De pronto, el estado de onírica levitación, se vio
interrumpido por gritos de auxilio y alaridos amenazadores que provenían del
mundo real. Me desperté asustado, y con sumo cuidado para no interrumpir su
sueño, ubiqué a la niña a un lado. Por una ventanilla penetraba una luz rojiza,
también olor a chamuscado junto a una humareda negra y espesa. Cuando alcancé a
mirar el exterior, un vaho ardiente azotó mi cuerpo. Afuera todo estaba en
llamas. Me puse en alerta, semejante infierno no podía haber sido desatado sino
por las huestes de EL LÁTIGO DE LUCIFER. En medio de mis cavilaciones, entró al
lugar donde nos encontrábamos, el mismísimo BELCEBAAL, quien poniendo la
ensangrentada punta de su espada en mi garganta me dijo:
- ¡Apártate de mi camino, viejo orate u olvidaré que tengo
orden de no tocar a los dementes como tú! - Su mirada se había posado en la
niña.
- ¡No te atrevas a tocarla, criatura del demonio, es un
ángel!- Exclamé desafiante. Al oír mis gritos, la bestia contenida en esa
descomunal corpulencia se encolerizó, levantó su espada y la descargó sobre mí
con tanta violencia que me quebró la clavícula izquierda. El impacto me
derribó. La herida era profunda, una hemorragia incontrolable brotaba de ella.
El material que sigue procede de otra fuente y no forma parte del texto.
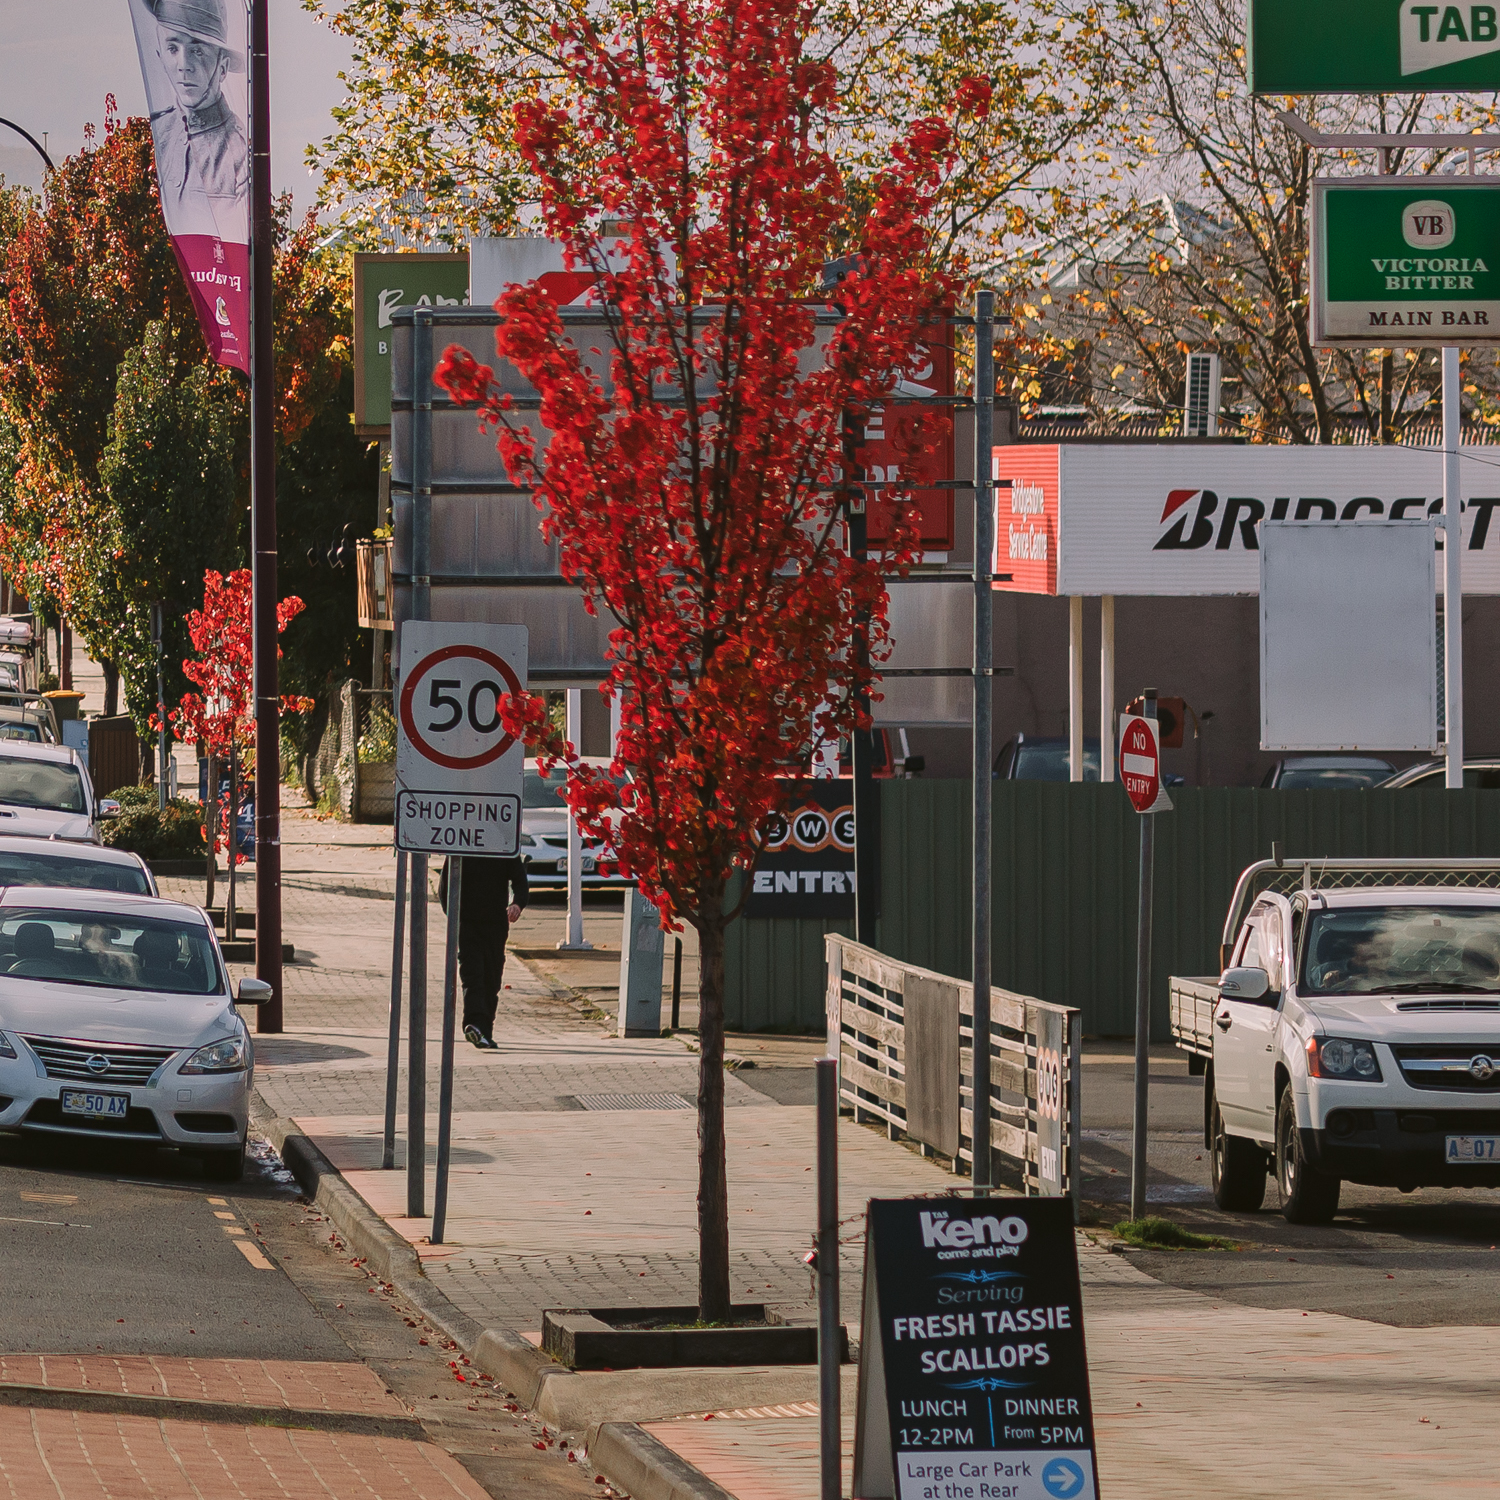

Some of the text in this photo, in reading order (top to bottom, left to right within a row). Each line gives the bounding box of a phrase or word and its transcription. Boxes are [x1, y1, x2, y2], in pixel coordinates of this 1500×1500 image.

[1410, 5, 1498, 43] TAB
[1412, 214, 1444, 236] VB
[1370, 257, 1490, 273] VICTORIA
[1384, 275, 1475, 291] BITTER
[1368, 310, 1490, 326] MAIN BAR
[427, 678, 504, 734] 50
[1132, 731, 1147, 751] NO
[1126, 777, 1151, 795] ENTRY
[405, 800, 513, 823] SHOPPING
[429, 826, 485, 847] ZONE
[752, 870, 857, 894] ENTRY
[63, 1092, 127, 1114] E 50 AX
[1447, 1139, 1496, 1158] A 07
[931, 1209, 949, 1219] TAS
[936, 1244, 1020, 1260] come and play
[936, 1283, 1025, 1305] Serving
[893, 1305, 1073, 1341] FRESH TASSIE
[920, 1342, 1051, 1374] SCALLOPS
[901, 1399, 968, 1418] LUNCH
[1004, 1398, 1081, 1417] DINNER
[899, 1427, 975, 1446] 12-2PM
[1003, 1425, 1085, 1444] From 5PM
[905, 1459, 1033, 1483] Large Car Park
[922, 1481, 1020, 1499] at the Rear
BELCEBAAL, despreocupándose de mí, se dirigió hacia la niña
que estaba acurrucada contra la pared, presa del pánico. El maldito, con un
certero y único tajo, cortó sus ropas, cayendo estas al piso y dejándola
expuesta en su desnudez. Se la echó al hombro dispuesto a llevársela como si
fuera un trofeo-botín. Justo en ese instante apareció en la entrada, espada en
mano, EL LÁTIGO DE LUCIFER. Me echó una ojeada, y dirigiéndose a BELCEBAAL
dijo:
-¿Te atreviste a tocar al druida? ¿Desobedeciste mis órdenes?
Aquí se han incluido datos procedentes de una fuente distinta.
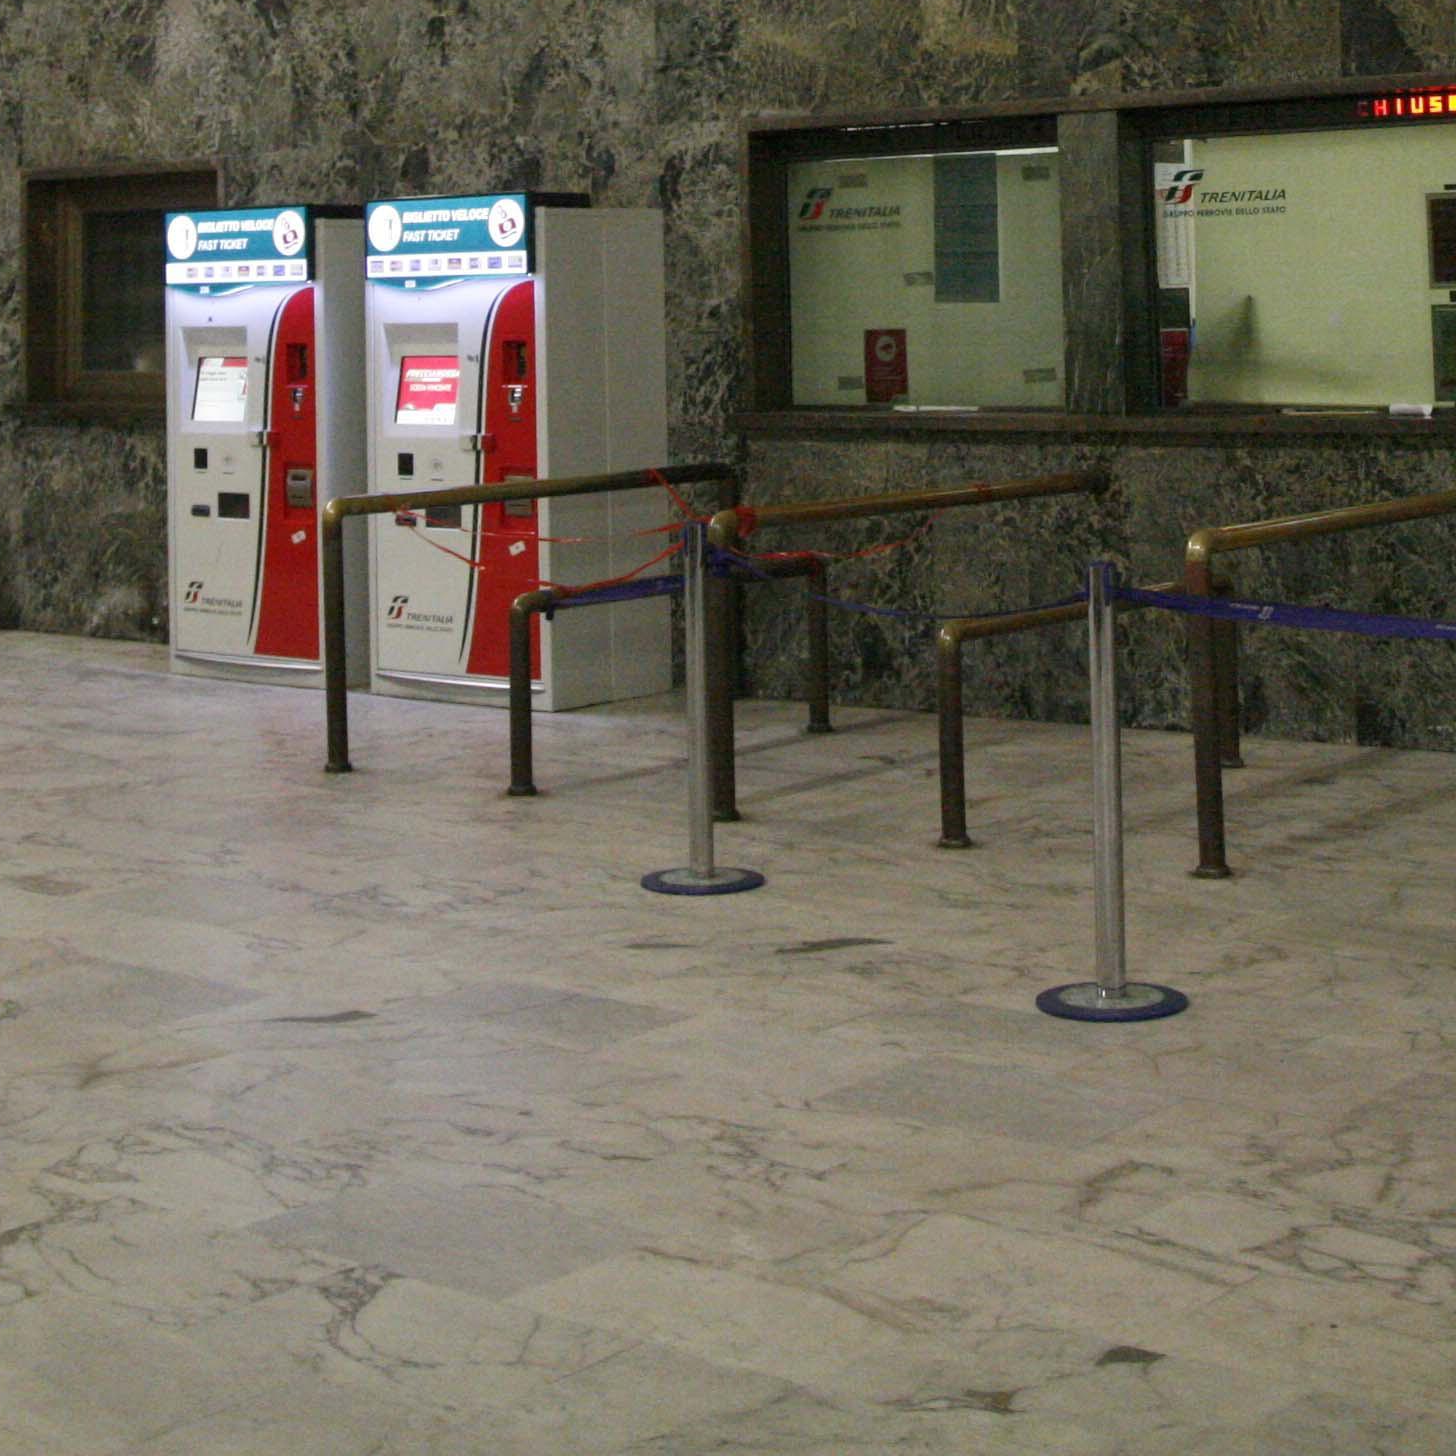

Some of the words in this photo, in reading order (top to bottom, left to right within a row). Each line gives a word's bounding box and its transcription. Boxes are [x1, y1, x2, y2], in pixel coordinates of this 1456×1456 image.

¡Suelta a la niña, ella no es para ti!
Sin ánimo de renunciar a su trofeo, BELCEBAAL protestó:
-El trato fue que lo que yo encontrará sería para mí ¡Y la
niña será mía, aunque para ello tenga que desparramar tus tripas por todo este
cuartucho! - refutó BELCEBAAL, que no estaba dispuesto a renunciar a su trofeo.
EL LÁTIGO DE LUCIFER, le asestó tan tremenda estocada que le
atravesó el abdomen de lado a lado. Con mucha delicadeza y ternura, cargó en
sus brazos a la niña y dando la espalda al moribundo BELCEBAAL, dijo en un
soliloquio monótono:
-Años llevo recorriendo cada metro de este mundo polvoriento,
regando odio, destrucción y muerte. Deseo amar, lo percibo… Tú eres el amor-
acarició con devoción los cabellos de la niña, ocasión que aprovechó el “leal”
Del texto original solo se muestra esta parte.